> [PROBLEM DESCRIPTION]: Print the entries that appear below, exactly as written and without their pictures.

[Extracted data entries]
_____

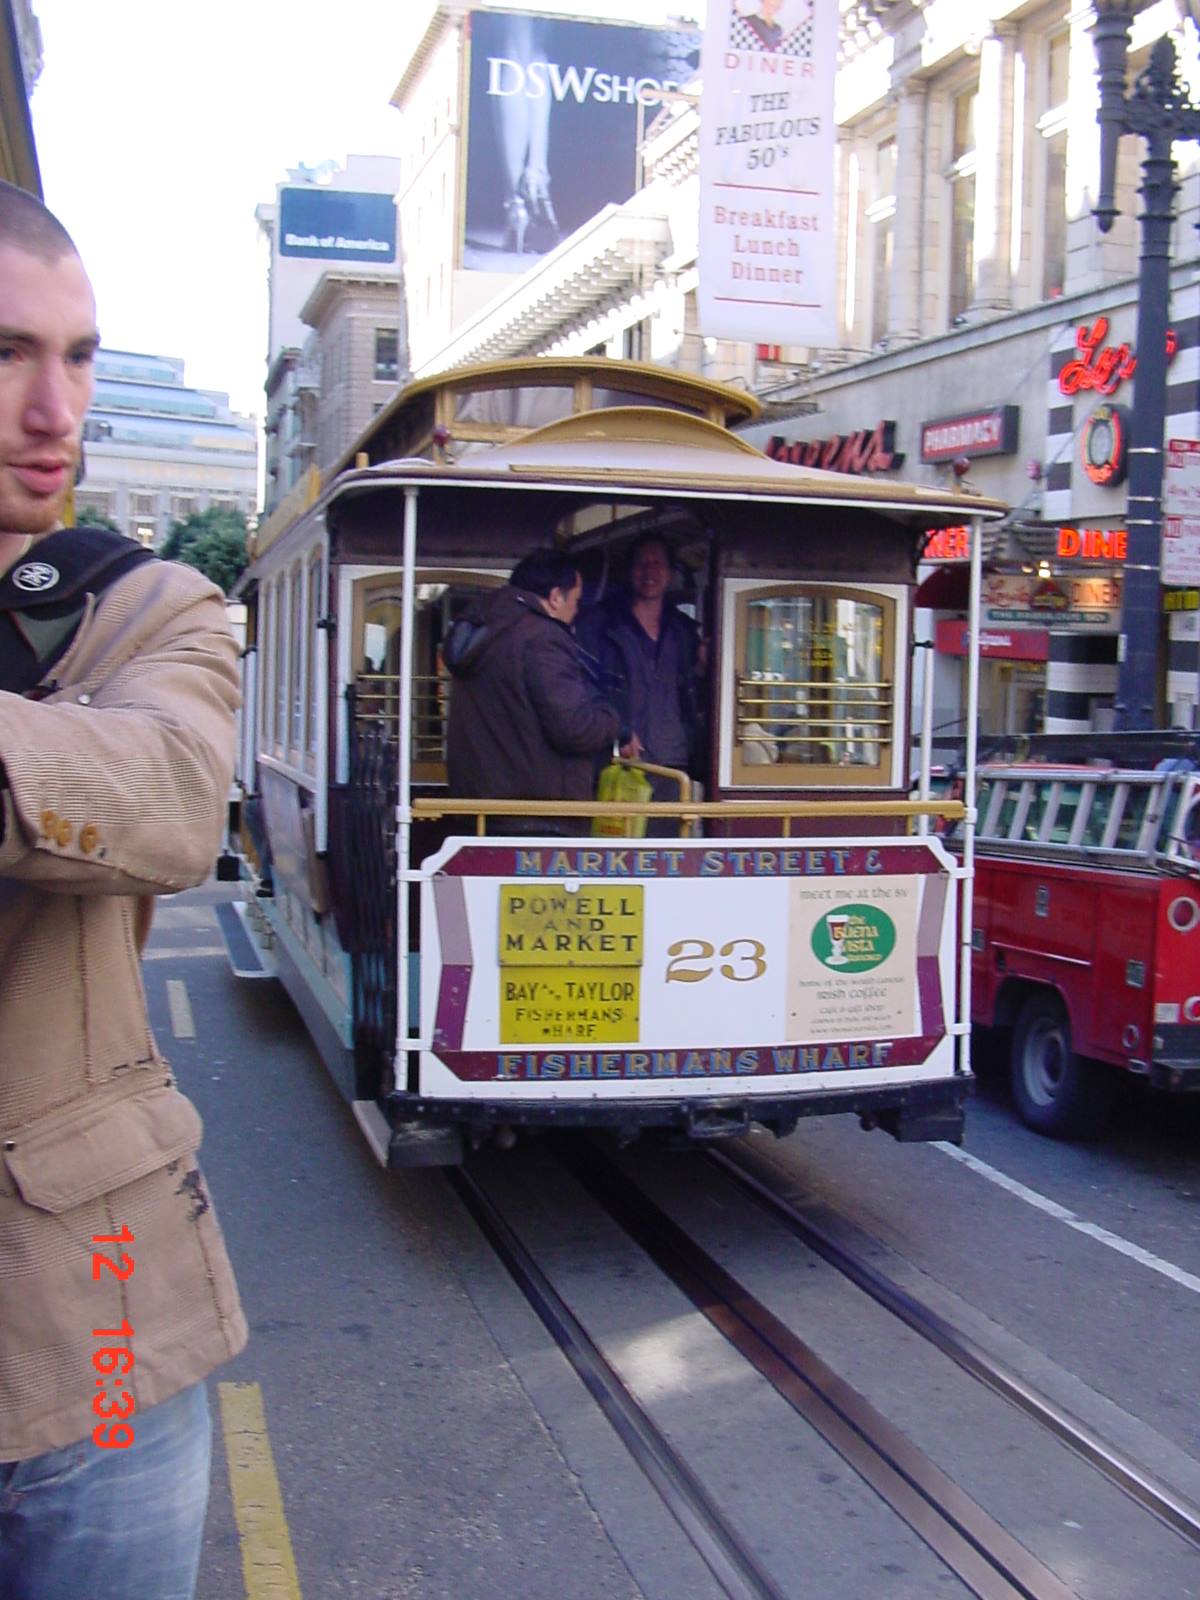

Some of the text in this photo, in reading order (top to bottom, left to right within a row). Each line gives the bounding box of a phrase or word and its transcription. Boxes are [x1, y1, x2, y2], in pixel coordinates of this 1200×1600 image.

[724, 52, 815, 78] DINER
[750, 91, 789, 113] THE
[715, 116, 820, 145] FABULOUS
[747, 145, 789, 170] 50's
[713, 205, 819, 232] Breakfast
[733, 234, 800, 257] Lunch
[731, 261, 803, 284] Dinner
[1057, 527, 1127, 559] DINE
[516, 849, 685, 876] MARKET
[701, 849, 849, 876] STREET
[509, 897, 636, 915] POWELL
[543, 918, 604, 932] AND
[506, 934, 638, 952] MARKET
[665, 938, 767, 983] 23
[505, 982, 539, 1002] BAY
[565, 982, 634, 1002] TAYLOR
[497, 1043, 893, 1079] FISHERMANS WHARF

_____

> [YOUR RESPONSE]:
Some of the text in this photo, in reading order (top to bottom, left to right within a row). Each line gives the bounding box of a phrase or word and its transcription. Boxes are [x1, y1, x2, y2], in pixel coordinates of this 1200×1600 image.

[724, 52, 815, 78] DINER
[750, 91, 789, 113] THE
[715, 116, 820, 145] FABULOUS
[747, 145, 789, 170] 50's
[713, 205, 819, 232] Breakfast
[733, 234, 800, 257] Lunch
[731, 261, 803, 284] Dinner
[1057, 527, 1127, 559] DINE
[516, 849, 685, 876] MARKET
[701, 849, 849, 876] STREET
[509, 897, 636, 915] POWELL
[543, 918, 604, 932] AND
[506, 934, 638, 952] MARKET
[665, 938, 767, 983] 23
[505, 982, 539, 1002] BAY
[565, 982, 634, 1002] TAYLOR
[497, 1043, 893, 1079] FISHERMANS WHARF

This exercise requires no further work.